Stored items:
-=-=-

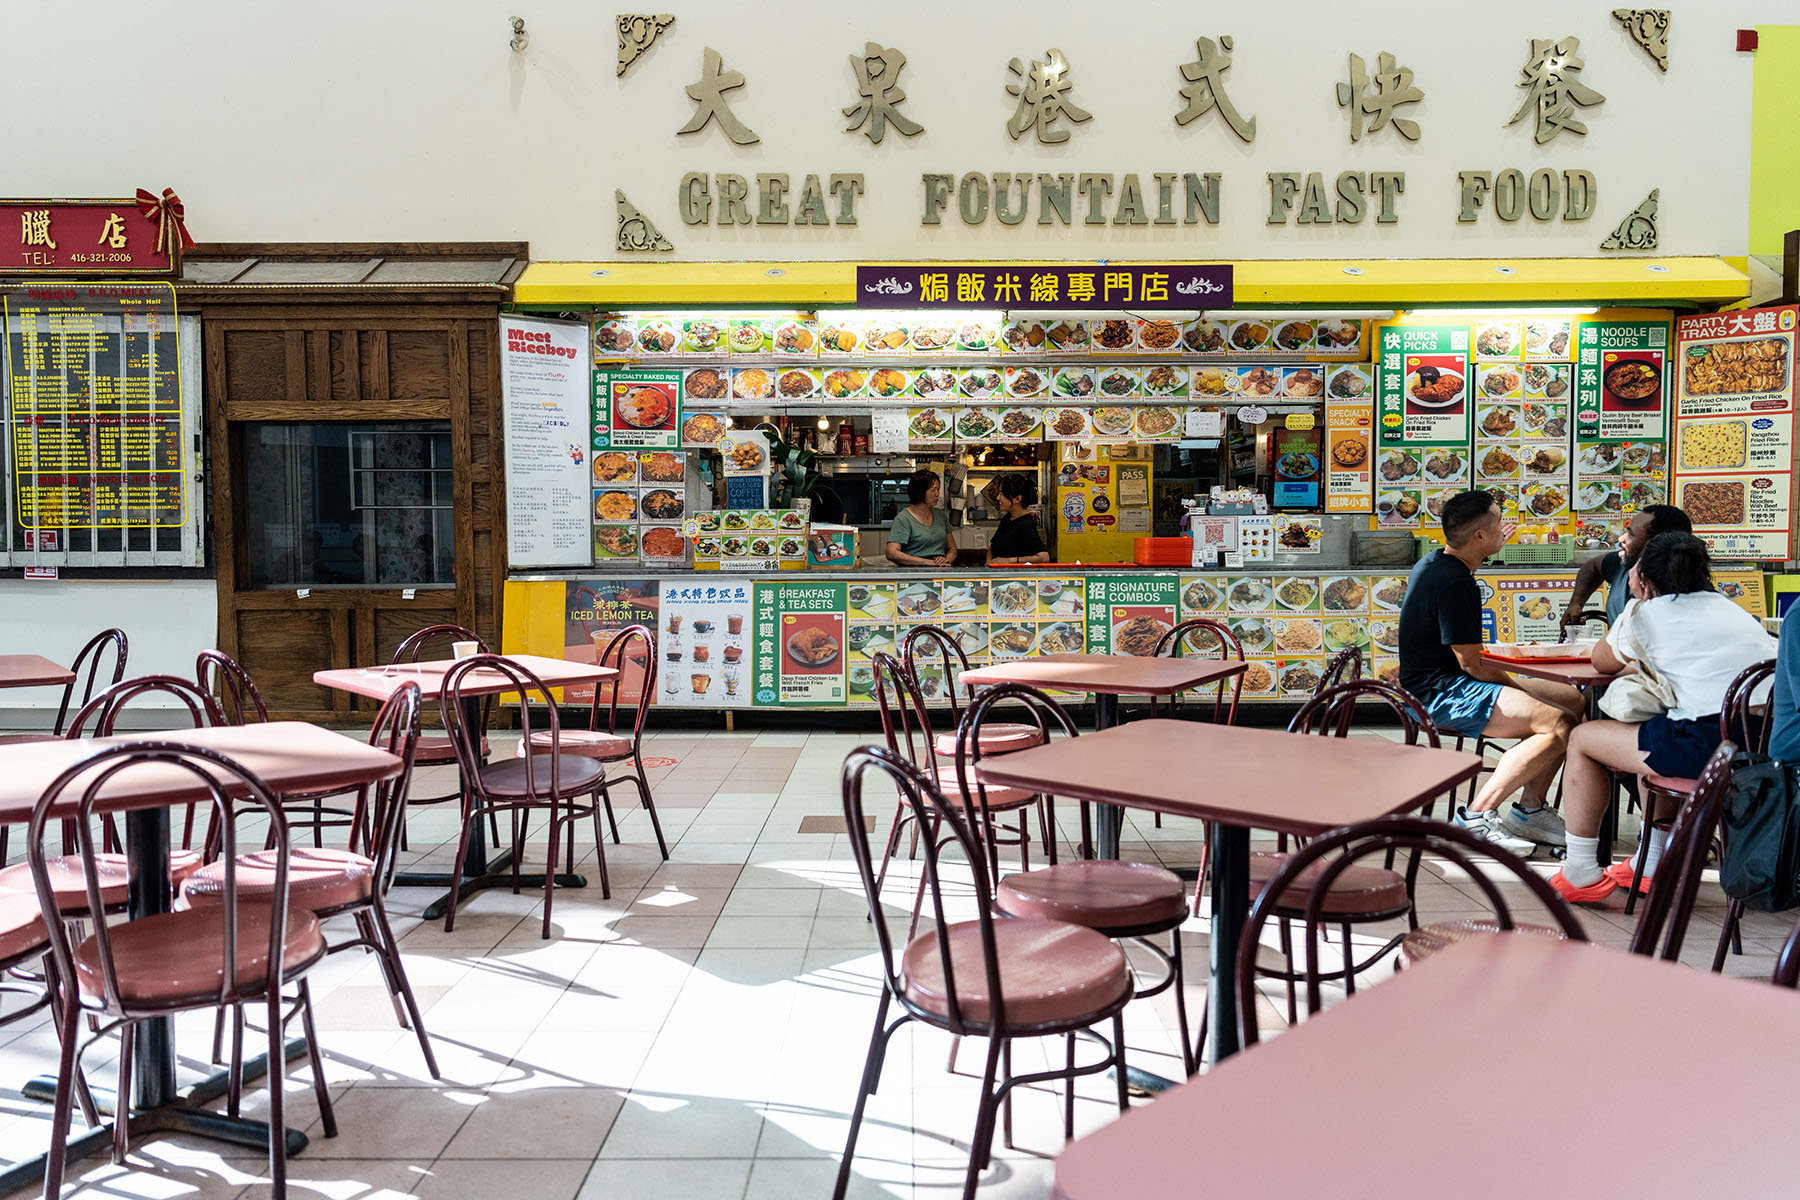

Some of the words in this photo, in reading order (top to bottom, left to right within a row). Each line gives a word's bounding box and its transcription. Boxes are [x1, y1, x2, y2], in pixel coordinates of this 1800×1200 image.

[676, 35, 1606, 146] 大泉港式快餐
[679, 171, 865, 227] GREAT
[921, 171, 1223, 227] FOUNTAIN
[1266, 169, 1405, 226] FAST
[1456, 168, 1597, 223] FOOD
[22, 252, 56, 265] TEL:
[70, 253, 132, 263] 416-321-2006
[919, 272, 1170, 302] 焗飯米線專門店
[1681, 315, 1727, 329] PARTY
[1729, 312, 1777, 335] 大盤
[508, 328, 551, 343] Meet
[1404, 331, 1439, 341] QUICK
[1601, 327, 1647, 337] NOODLE
[1681, 326, 1727, 339] TRAYS
[1404, 341, 1437, 350] PICKS
[1601, 337, 1639, 347] SOUPS
[508, 341, 577, 359] Riceboy
[1329, 409, 1371, 418] SPECIALTY
[1329, 418, 1356, 426] SNACK
[1121, 471, 1144, 480] PASS
[730, 488, 761, 497] COFFEE
[1109, 582, 1175, 592] SIGNATURE
[779, 589, 836, 599] BREAKFAST
[1109, 592, 1160, 602] COMBOS
[779, 600, 785, 609] &
[788, 600, 807, 609] TEA
[812, 600, 834, 609] SETS
[571, 610, 593, 620] ICED
[597, 610, 632, 620] LEMON
[635, 610, 654, 620] TEA
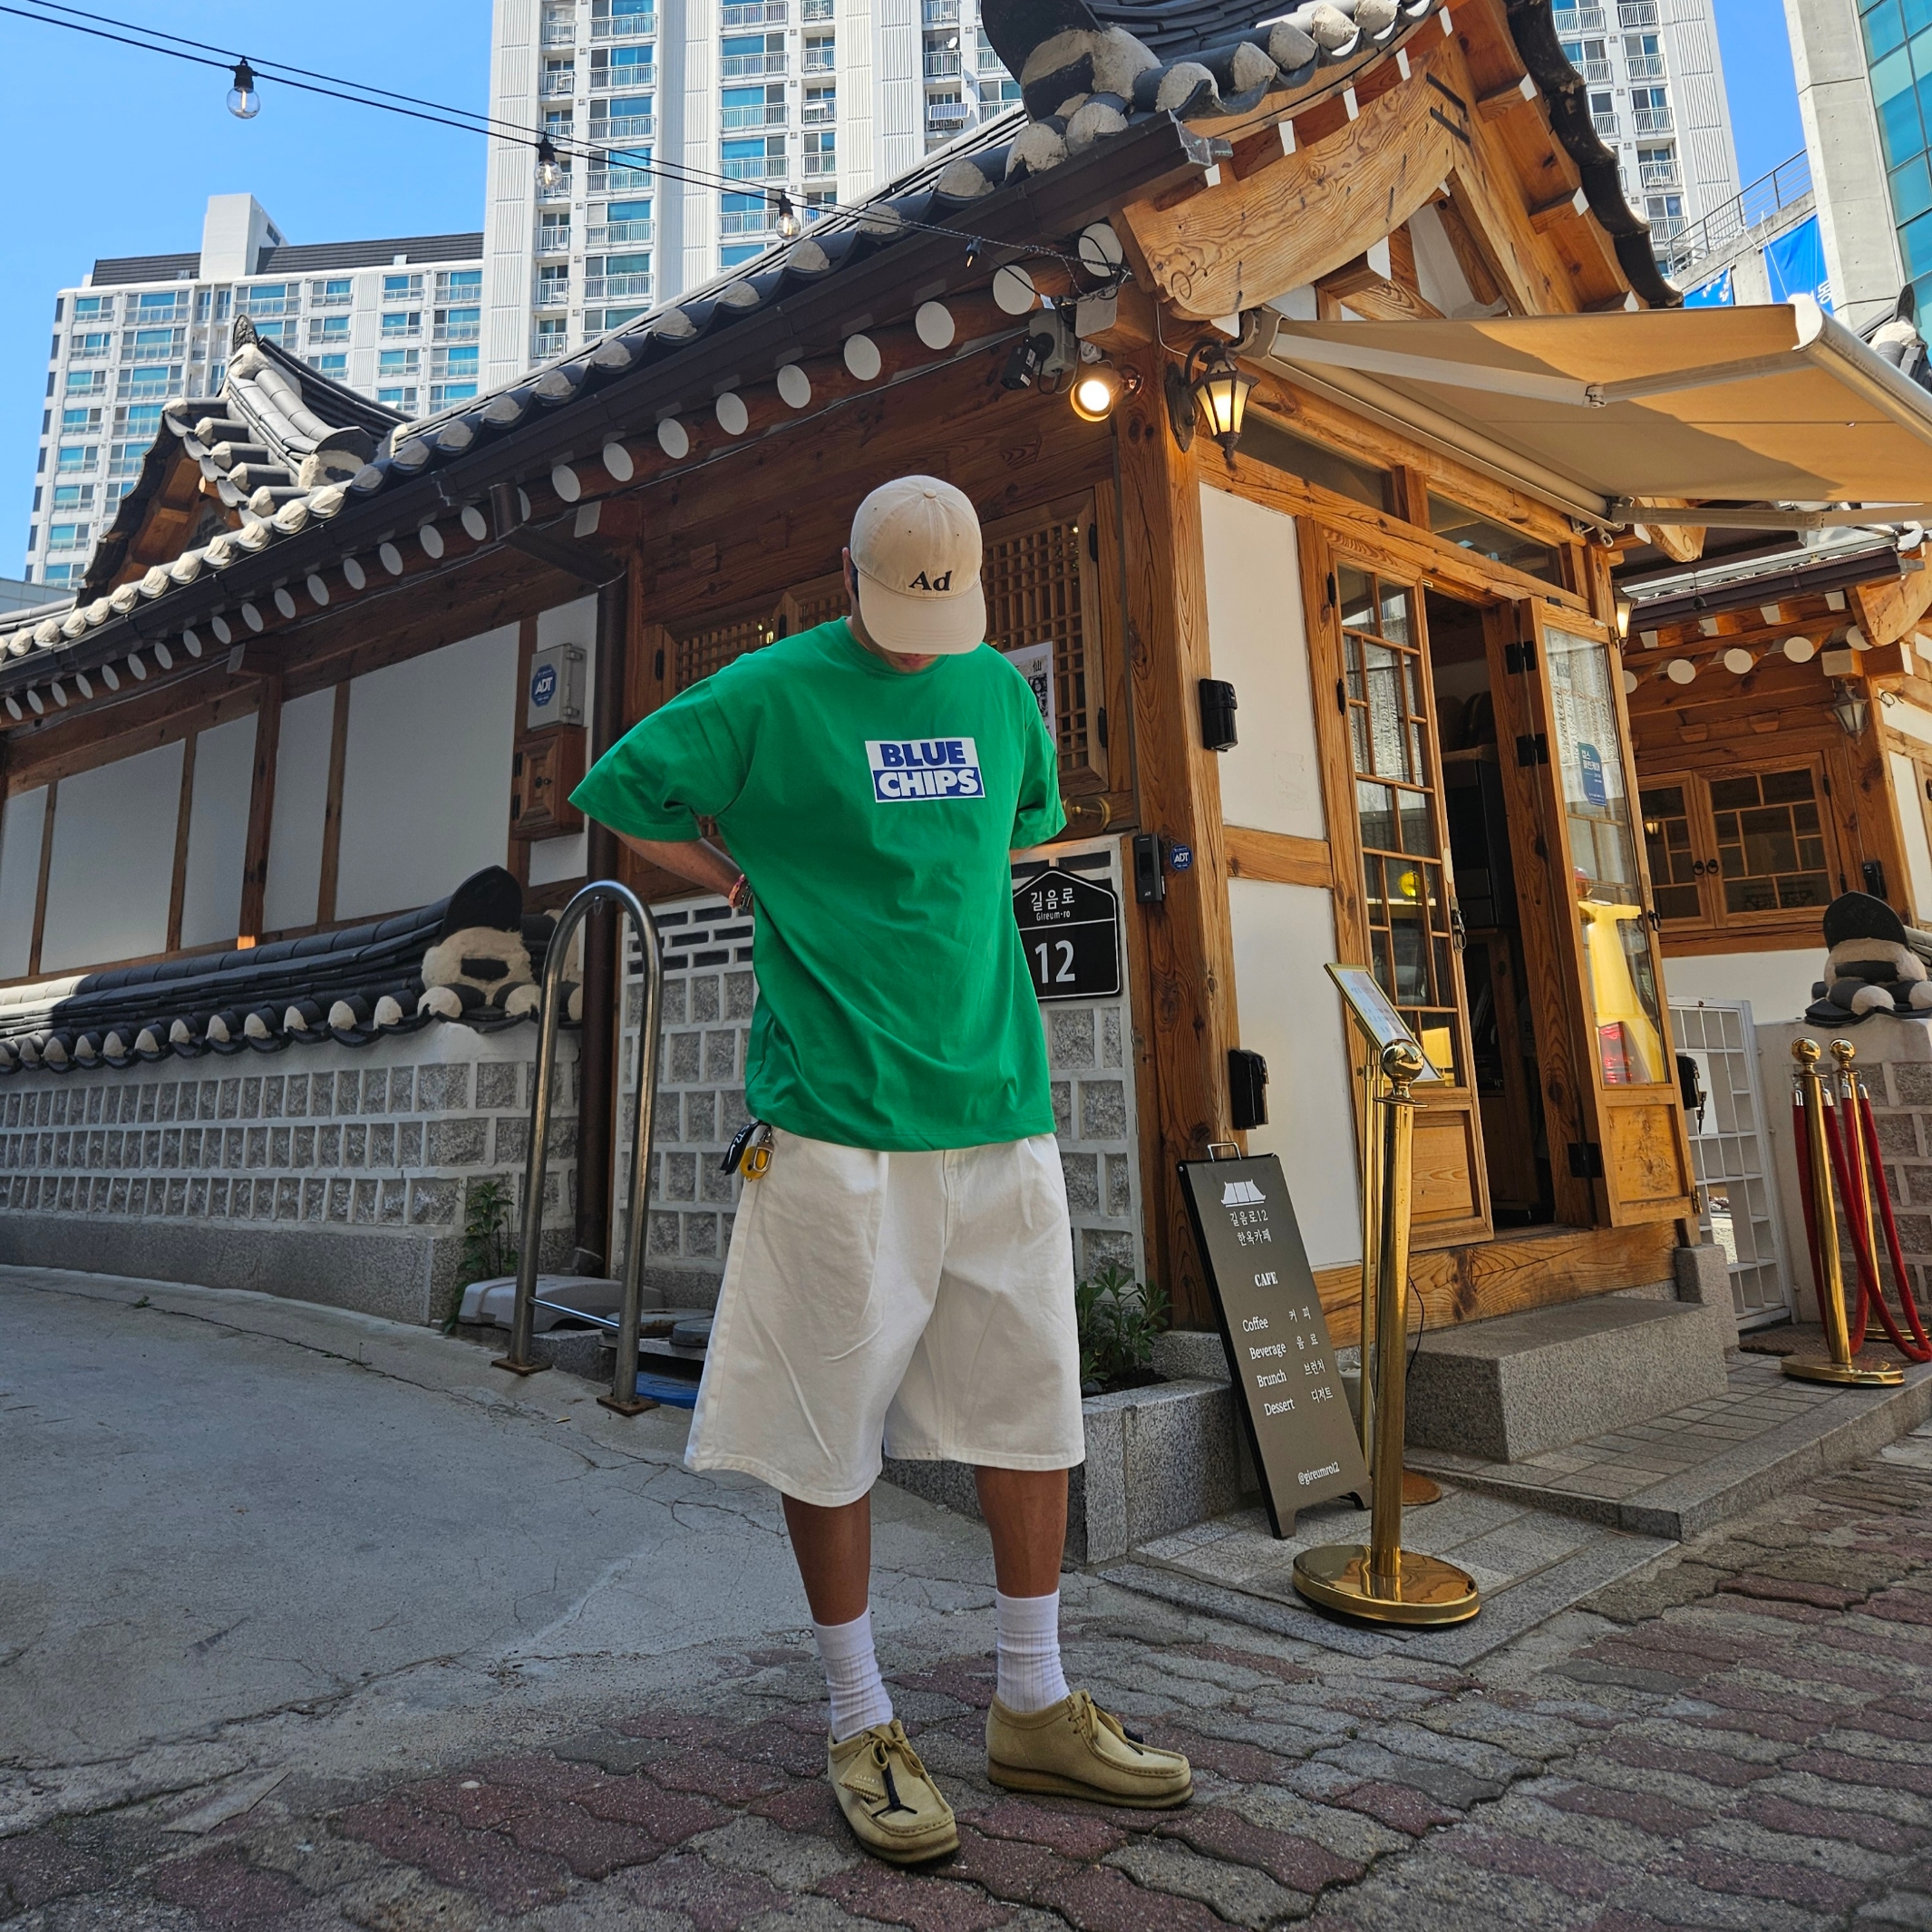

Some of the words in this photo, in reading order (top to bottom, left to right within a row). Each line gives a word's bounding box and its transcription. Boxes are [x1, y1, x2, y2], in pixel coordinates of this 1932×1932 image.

-=-=-

* [Action item] Set every record down again verbatim, without pictures.

* [Worked solution]
Some of the words in this photo, in reading order (top to bottom, left to right within a row). Each line gives a word's bounding box and its transcription. Boxes are [x1, y1, x2, y2], in pixel coordinates of this 1800×1200 image.

[676, 35, 1606, 146] 大泉港式快餐
[679, 171, 865, 227] GREAT
[921, 171, 1223, 227] FOUNTAIN
[1266, 169, 1405, 226] FAST
[1456, 168, 1597, 223] FOOD
[22, 252, 56, 265] TEL:
[70, 253, 132, 263] 416-321-2006
[919, 272, 1170, 302] 焗飯米線專門店
[1681, 315, 1727, 329] PARTY
[1729, 312, 1777, 335] 大盤
[508, 328, 551, 343] Meet
[1404, 331, 1439, 341] QUICK
[1601, 327, 1647, 337] NOODLE
[1681, 326, 1727, 339] TRAYS
[1404, 341, 1437, 350] PICKS
[1601, 337, 1639, 347] SOUPS
[508, 341, 577, 359] Riceboy
[1329, 409, 1371, 418] SPECIALTY
[1329, 418, 1356, 426] SNACK
[1121, 471, 1144, 480] PASS
[730, 488, 761, 497] COFFEE
[1109, 582, 1175, 592] SIGNATURE
[779, 589, 836, 599] BREAKFAST
[1109, 592, 1160, 602] COMBOS
[779, 600, 785, 609] &
[788, 600, 807, 609] TEA
[812, 600, 834, 609] SETS
[571, 610, 593, 620] ICED
[597, 610, 632, 620] LEMON
[635, 610, 654, 620] TEA

Some of the words in this photo, in reading order (top to bottom, left to right within a row). Each line gives a word's bounding box and its transcription. Boxes are [x1, y1, x2, y2], in pixel coordinates of this 1932×1932 image.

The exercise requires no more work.